▶ WHAT NEEDS TO BE DONE: Take the entries below and give them back exactly. Leave out nothing.
● ● ● ● ● ● ●
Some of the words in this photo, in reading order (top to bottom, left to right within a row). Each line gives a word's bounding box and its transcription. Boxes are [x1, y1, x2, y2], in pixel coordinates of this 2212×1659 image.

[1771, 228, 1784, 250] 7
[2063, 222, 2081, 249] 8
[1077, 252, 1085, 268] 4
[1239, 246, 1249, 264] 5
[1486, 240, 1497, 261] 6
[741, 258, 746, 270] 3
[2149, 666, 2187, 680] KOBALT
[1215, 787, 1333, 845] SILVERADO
● ● ● ● ● ● ●
▶ TASK RESPONSE:
Some of the words in this photo, in reading order (top to bottom, left to right within a row). Each line gives a word's bounding box and its transcription. Boxes are [x1, y1, x2, y2], in pixel coordinates of this 2212×1659 image.

[1771, 228, 1784, 250] 7
[2063, 222, 2081, 249] 8
[1077, 252, 1085, 268] 4
[1239, 246, 1249, 264] 5
[1486, 240, 1497, 261] 6
[741, 258, 746, 270] 3
[2149, 666, 2187, 680] KOBALT
[1215, 787, 1333, 845] SILVERADO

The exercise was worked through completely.